Certains pensent, à tort, que la France soutient l’économie des pays du Sahel, notamment à travers l’aide publique au développement. Qu’on en juge : ce ne sont certainement pas les modestes 80 millions d’euros par an d’aide au développement octroyée à l’ensemble des 5 pays du G5S, auxquels se réfère le rapport de 2012 de la commission des affaires étrangères et de défense du Sénat, qui impressionnent, surtout comparés aux 650 à 700 millions par an que coûte l’opération Barkhane. Cette aide représentait en 2016 seulement 0,38% du revenu national brut de la France. Macron s’est engagé, en février 2018, à la porter à 0,55% en… 2022.

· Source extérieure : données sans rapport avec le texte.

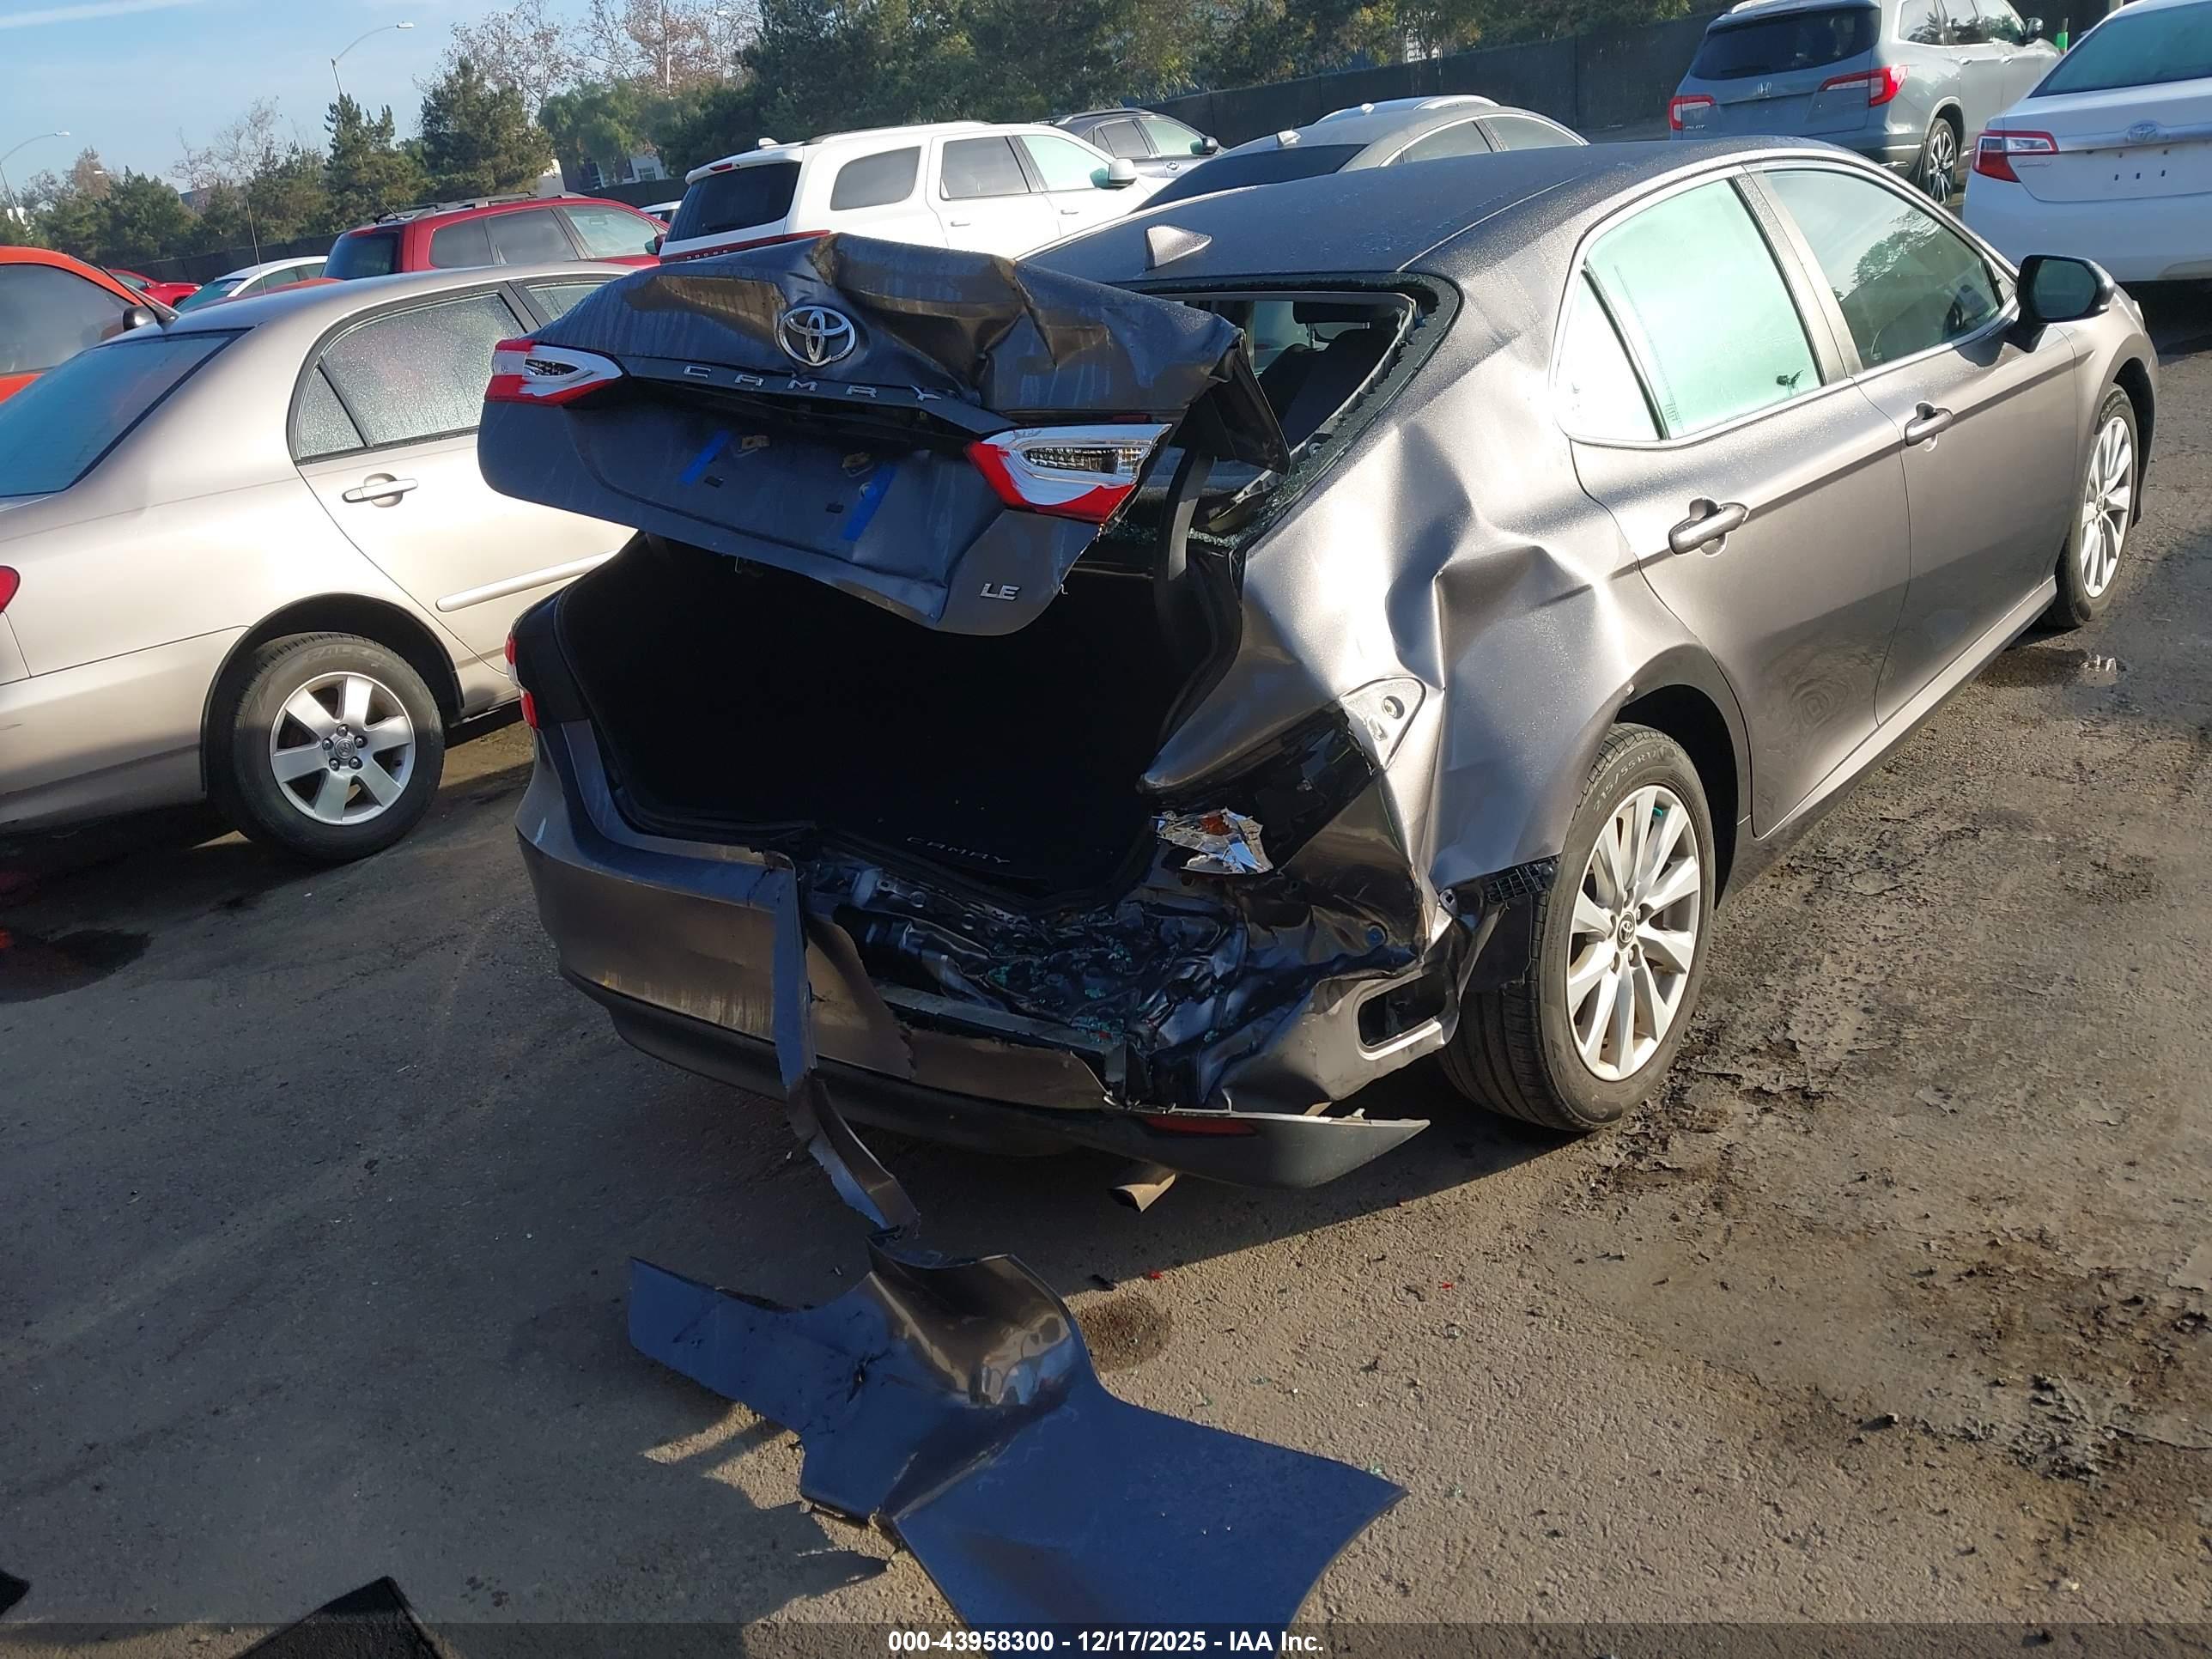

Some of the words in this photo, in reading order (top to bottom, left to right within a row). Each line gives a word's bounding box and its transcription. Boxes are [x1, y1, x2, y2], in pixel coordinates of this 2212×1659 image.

[684, 365, 942, 402] CAMRY
[980, 583, 1020, 601] LE
[1594, 761, 1636, 811] 215/55
[906, 836, 1011, 864] CAMRY

D’une manière générale, la France de Macron entend consacrer une part de l’aide publique au développement aux pays éligibles au renforcement de «politiques migratoires adaptées à leur situation».
En clair, il s’agit de promouvoir la politique de contrôle de l’émigration à la source ! Tout comme le fait, par exemple, la banque allemande de développement KfW qui finance des projets liés à l’émigration afin de «permettre aux migrants de rester chez eux». C’est le sens qu’accordent les pays occidentaux, la France en tête, à leur «solidarité» avec les pays du Sahel.

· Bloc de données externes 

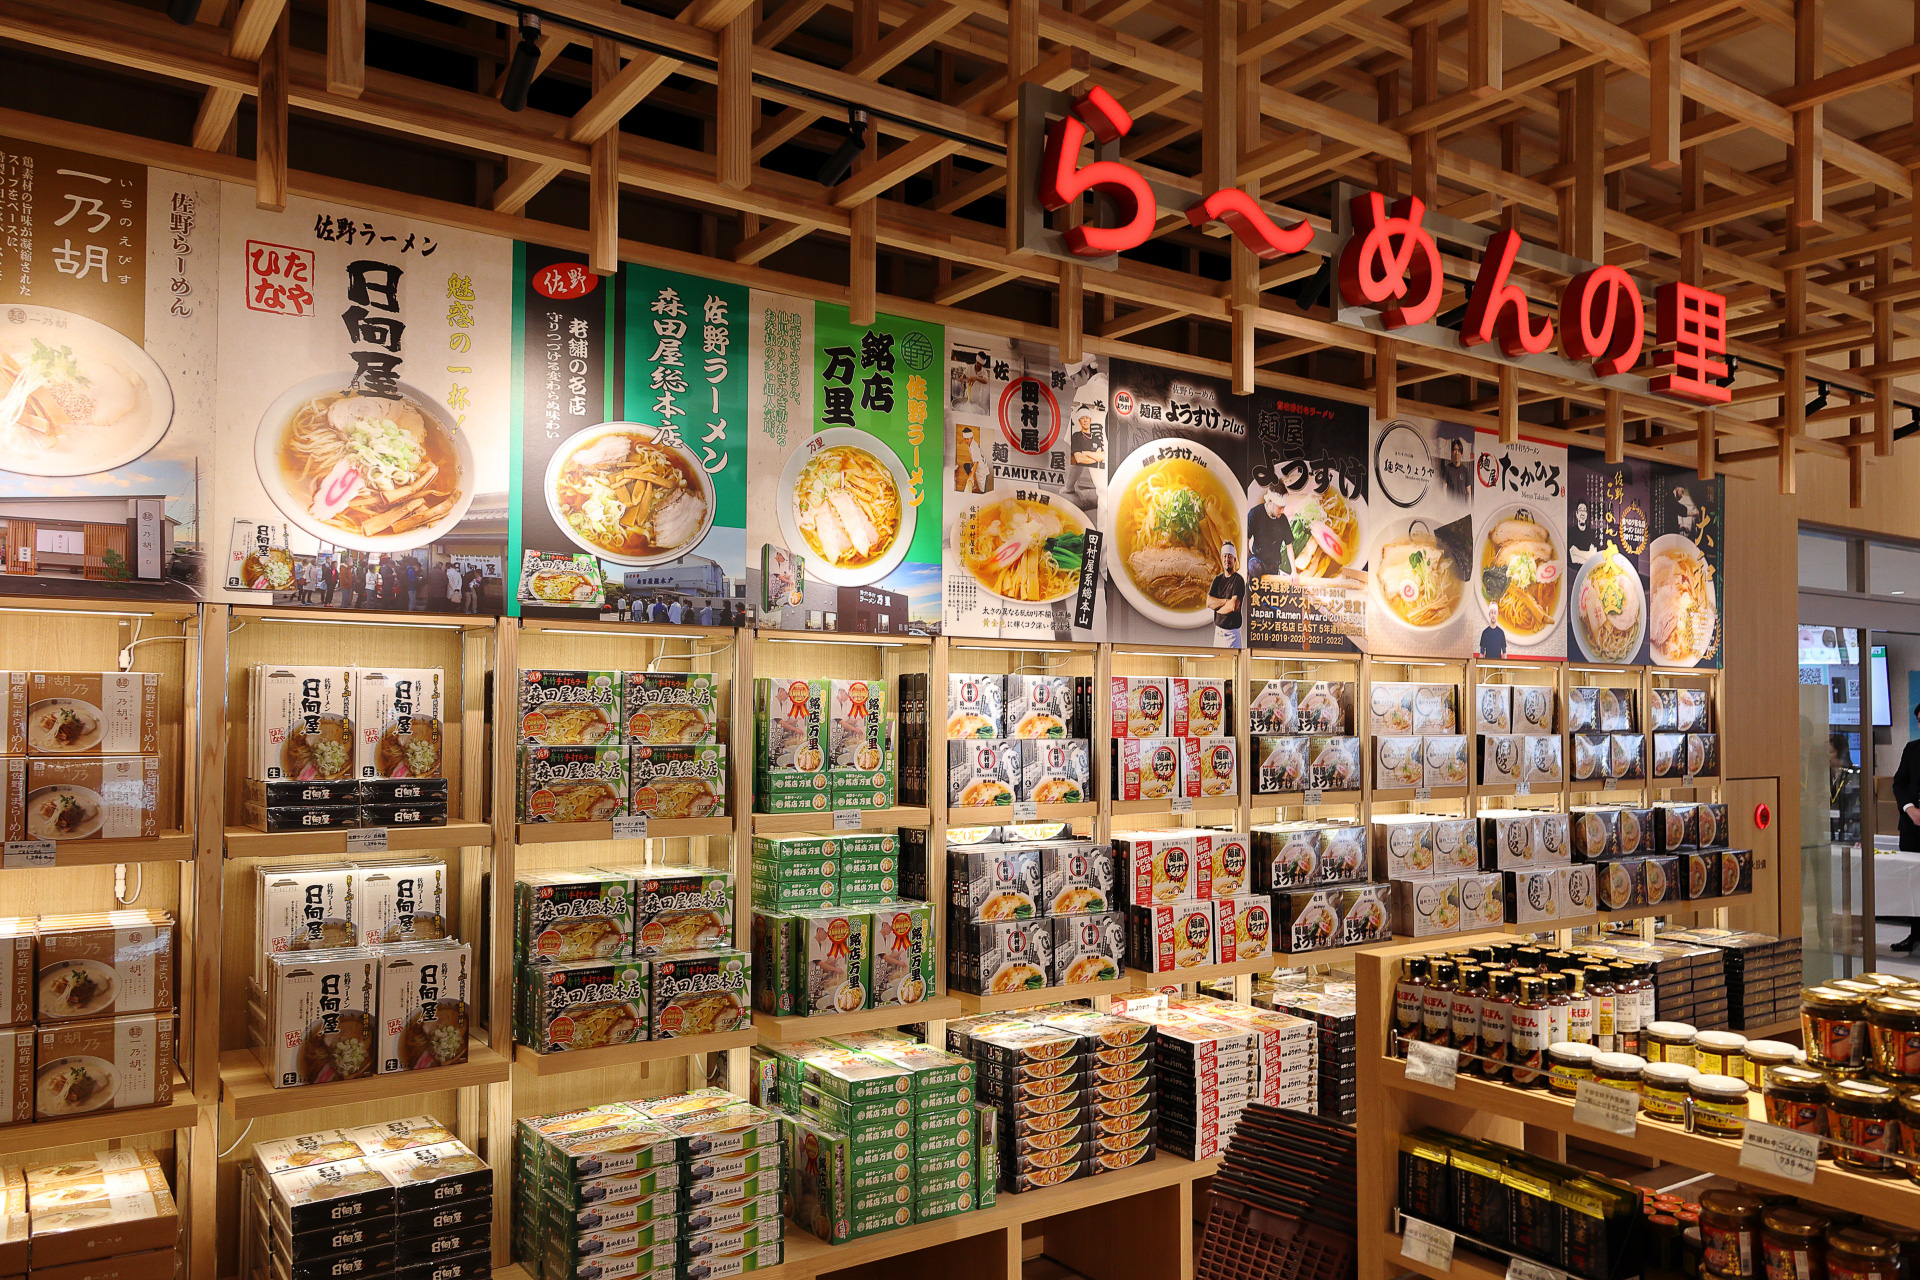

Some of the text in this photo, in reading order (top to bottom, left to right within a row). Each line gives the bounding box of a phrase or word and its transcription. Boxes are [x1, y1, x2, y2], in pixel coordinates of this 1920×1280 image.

[52, 168, 112, 283] 一乃胡
[118, 179, 134, 285] いちのえびす
[314, 213, 438, 257] 佐野ラーメン
[170, 192, 195, 317] 佐野らーめん
[543, 268, 588, 294] 佐野
[340, 260, 406, 400] 日向屋
[545, 312, 563, 439] 守りつづける変わらぬ味わい
[568, 317, 589, 416] 老舗の名店
[647, 287, 689, 449] 森田屋総本店
[701, 294, 730, 474] 佐野ラーメン
[822, 346, 857, 428] 万里
[860, 330, 896, 414] 銘店
[993, 360, 1067, 391] 佐 野
[906, 374, 928, 507] 佐野ラーメン
[1020, 380, 1040, 452] 田村屋
[1140, 402, 1162, 420] 麺屋
[1165, 400, 1221, 430] ようすけ
[1258, 409, 1304, 446] 麺屋
[806, 436, 826, 455] 万里
[992, 442, 1066, 470] 麺 屋
[1252, 440, 1367, 501] ようすけ
[993, 465, 1065, 485] TAMURAYA
[1499, 452, 1561, 498] たかひろ
[1078, 534, 1100, 626] 田村屋系総本山
[1251, 577, 1291, 594] 3年連続
[1251, 608, 1274, 619] Japan
[1276, 609, 1301, 621] Ramen
[1303, 611, 1328, 622] Award
[1251, 621, 1295, 632] ラーメン百名店
[1297, 624, 1317, 633] EAST
[301, 678, 322, 735] 日向屋
[393, 681, 412, 735] 日向屋
[528, 686, 613, 703] 森田屋総本店
[631, 688, 711, 705] 森田屋総本店
[808, 698, 821, 751] 銘店万里
[867, 699, 880, 750] 銘店万里
[268, 767, 281, 778] 生
[536, 761, 622, 780] 森田屋総本店
[639, 761, 719, 780] 森田屋総本店
[303, 885, 324, 941] 日向屋
[396, 879, 415, 935] 日向屋
[539, 897, 627, 920] 森田屋総本店
[645, 892, 726, 912] 森田屋総本店
[849, 932, 862, 990] 銘店万里
[911, 926, 923, 982] 銘店万里
[318, 974, 341, 1035] 日向屋
[417, 964, 439, 1023] 日向屋
[552, 981, 641, 1008] 森田屋総本店
[662, 972, 744, 996] 森田屋総本店
[283, 1072, 297, 1085] 生
[386, 1059, 398, 1072] 生

L’aide au développement occidentale s’identifie à de la charité qui est paradoxalement destinée plus à «engraisser» les responsables africains qu’à assister les citoyens à créer les condition d’un développement endogène et pérenne. La corruption, le clientélisme et la gabegie de la classe politique locale, majoritairement corrompue, sont encouragés par les puissances occidentales. Ces facteurs favorisent la marginalisation et la violence qui ont pris des proportions qui dépassent les capacités de résilience de ces Etats. La mauvaise gouvernance, l’autoritarisme des dirigeants et le refus du dialogue font le reste. Les interventions armées occidentales au Sahel comme partout ailleurs dans le monde ne constituent pas une solution aux problèmes des pays concernés, mais une manière de compliquer une situation qui l’est déjà, et pas seulement au plan sécuritaire. Telle semble être la conviction des autorités algériennes qui maintiennent leur armée hors du champ de bataille dès que celui-ci se situe hors des frontières nationales.
Pour cette raison et bien d’autres, les différentes tentatives françaises de faire participer l’Algérie au G5S ont toutes buté sur un refus catégorique. C’est le langage qui avait été tenu au président français lors de sa courte visite en Algérie le 7 décembre 2017. Il avait également reçu, en marge de sa visite, le vice-ministre de la Défense et chef d’état-major algérien pour la même raison et ce dernier, selon la presse, lui a rappelé la position algérienne à ce sujet.
Quels sont les arguments, déclarés ou non, qui fondent cette position ? Il y a d’abord les arguments officiels.
En effet, si l’on croit le site algérien d’information électronique TSA (17), le Premier ministre, Ahmed Ouyahia, aurait déclaré à Paris, à l’issue de la tenue, en décembre 2017, du Comité algéro-français de haut niveau, que «l’Algérie a une barrière constitutionnelle qui fait que ses forces ne sortent jamais au-delà de ses propres frontières».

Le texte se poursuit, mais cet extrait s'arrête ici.